What do you consider the most pressing challenge in your field today, and how is your research addressing this challenge?
It is all about early detection of neurodegenerative conditions, before symptoms begin to manifest themselves. In my collaboration with Dr. Yakeel Quiroz on Alzheimer’s disease, we are examining preclinical biomarkers (e.g., blood, neuroimaging) and cognitive markers in people with a mutation that gives them AD at a relatively young age. We can compare carriers vs non-carriers of the mutation for the biomarkers and for their performance on very sensitive cognitive and behavioral tests that we are developing. In my collaboration with BU faculty in Physical Therapy (Sargent) and Biomedical Engineering on Parkinson’s disease, we are using functional near-infrared spectroscopy to reveal brain activation patterns that may differ between people who have subjective cognitive concerns (who feel they are slipping cognitively, though standard tests do not pick that up) and those without such concerns. If we can succeed in early detection, interventions have a better chance of working.
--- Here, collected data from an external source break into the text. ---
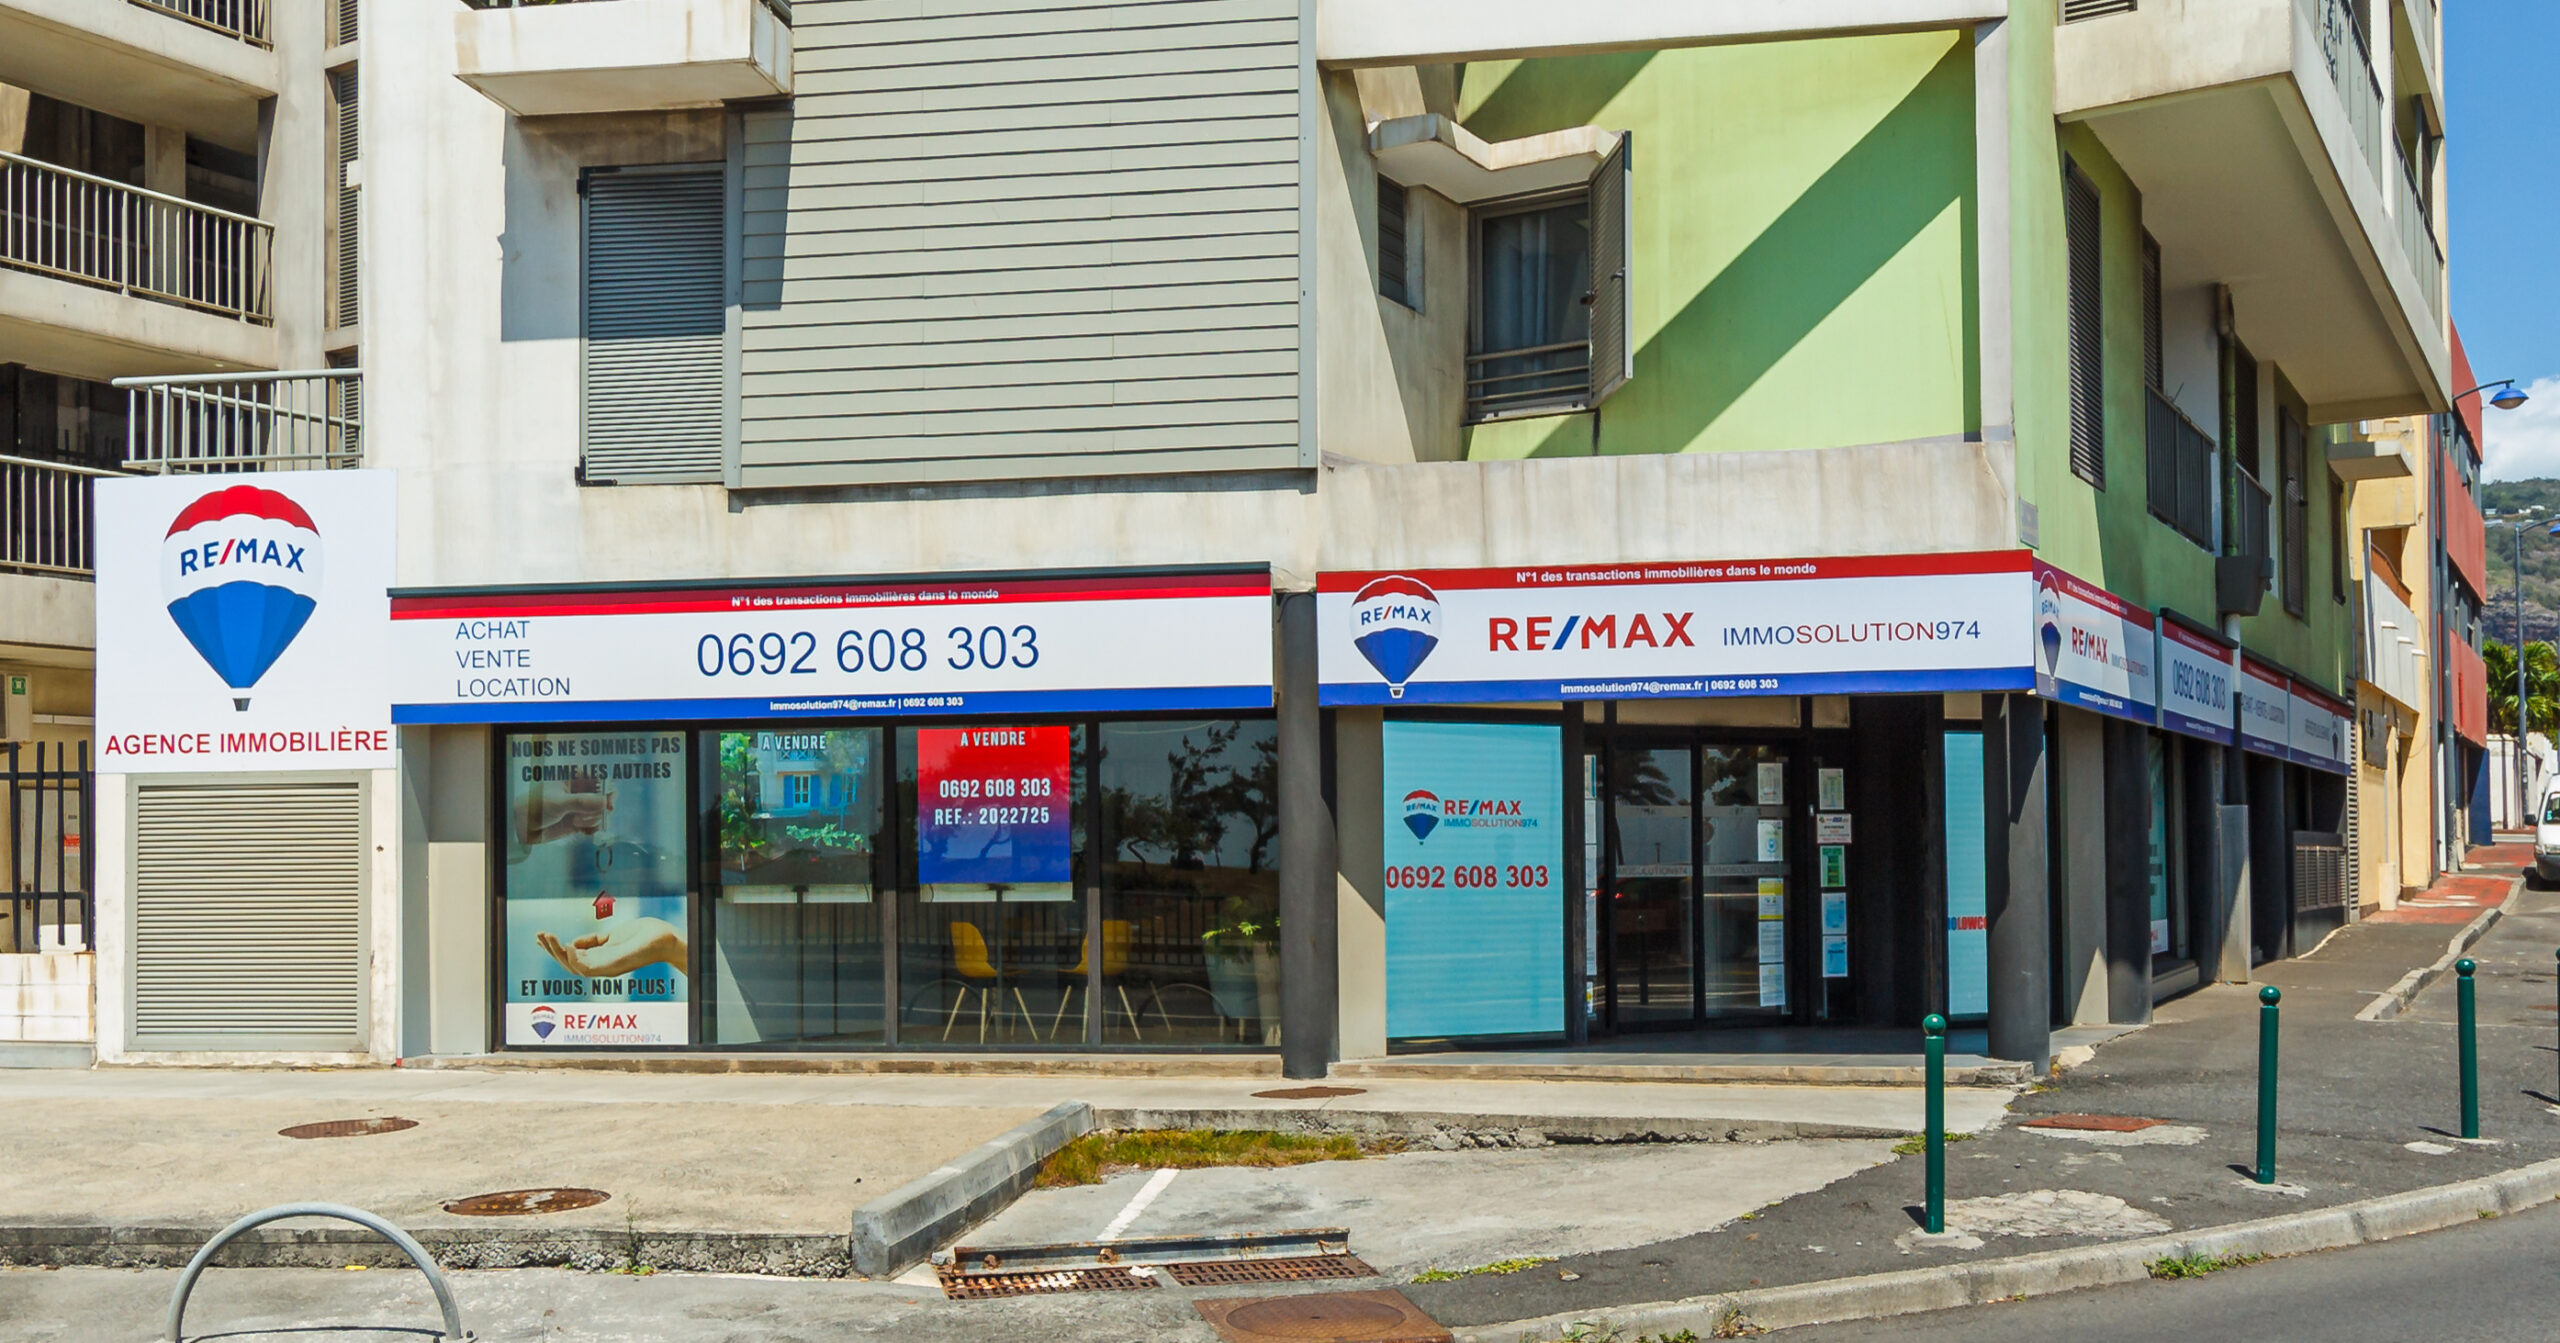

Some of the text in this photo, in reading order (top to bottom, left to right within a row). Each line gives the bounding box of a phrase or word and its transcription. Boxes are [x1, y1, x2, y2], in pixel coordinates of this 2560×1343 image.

[180, 538, 305, 577] RE/MAX
[1516, 563, 1817, 583] N°1 des transactions immobilières dans le monde
[731, 588, 999, 607] N°1 des transactions immobilières dans le monde
[1361, 605, 1432, 626] RE/MAX
[456, 620, 531, 640] ACHAT
[1489, 611, 1981, 652] RE/MAX IMMOSOLUTION974
[697, 625, 1040, 677] 0692 608 303
[2072, 626, 2108, 665] RE/MAX
[456, 649, 531, 669] VENTE
[457, 678, 571, 698] LOCATION
[1560, 681, 1702, 694] immosolution974@remax.fr
[1711, 680, 1736, 691] 0692
[1738, 680, 1757, 690] 608
[1759, 679, 1779, 689] 303
[903, 698, 926, 708] 0692
[927, 698, 944, 707] 608
[946, 697, 964, 706] 303
[105, 726, 389, 755] AGENCE IMMOBILIÈRE
[512, 737, 681, 757] NOUS NE SOMMES PAS
[762, 735, 826, 750] A VENDRE
[960, 731, 1026, 746] A VENDRE
[522, 762, 671, 782] COMME LES AUTRES
[939, 778, 1051, 798] 0692 608 303
[934, 807, 1050, 825] REF.: 2022725
[1444, 800, 1522, 815] RE/MAX
[1444, 818, 1538, 828] IMMOSOLUTION974
[1386, 865, 1549, 889] 0692 608 303
[521, 980, 537, 996] ET
[592, 979, 623, 995] NON
[628, 978, 666, 994] PLUS
[564, 1014, 638, 1029] RE/MAX
[563, 1034, 662, 1043] IMMOSOLUTION974
If you could give one piece of advice to someone just starting out in your field, what would it be?
Train broadly as well as deeply and if you want to do something, go for it. Don’t be put off by a job description for which you are not a perfect match—you may in fact be perfect for that position anyway (as I have found out myself). Also, there is no single right path- there are many. If one path is blocked, take another, which may present new and exciting opportunities that you had not considered before. (OK, so that’s more than one piece of advice).
What is something unique about you that people might not know?
Every January I go to Florida to play baseball with the Red Sox Women’s Fantasy Camp, with our coaches being former players (many from the 2004 championship team). I’ve done this with my sister all four years and the last two years I also brought my daughters. Of course I have signed up for year 5 in January 2026. It is the best time ever!
Is there any additional information you would like to share with the CBR community?
None of what I do would be possible without my incredible lab group of doctoral, MA, and undergraduate students. They are great researchers and fantastic people. And we are really grateful to our research participants.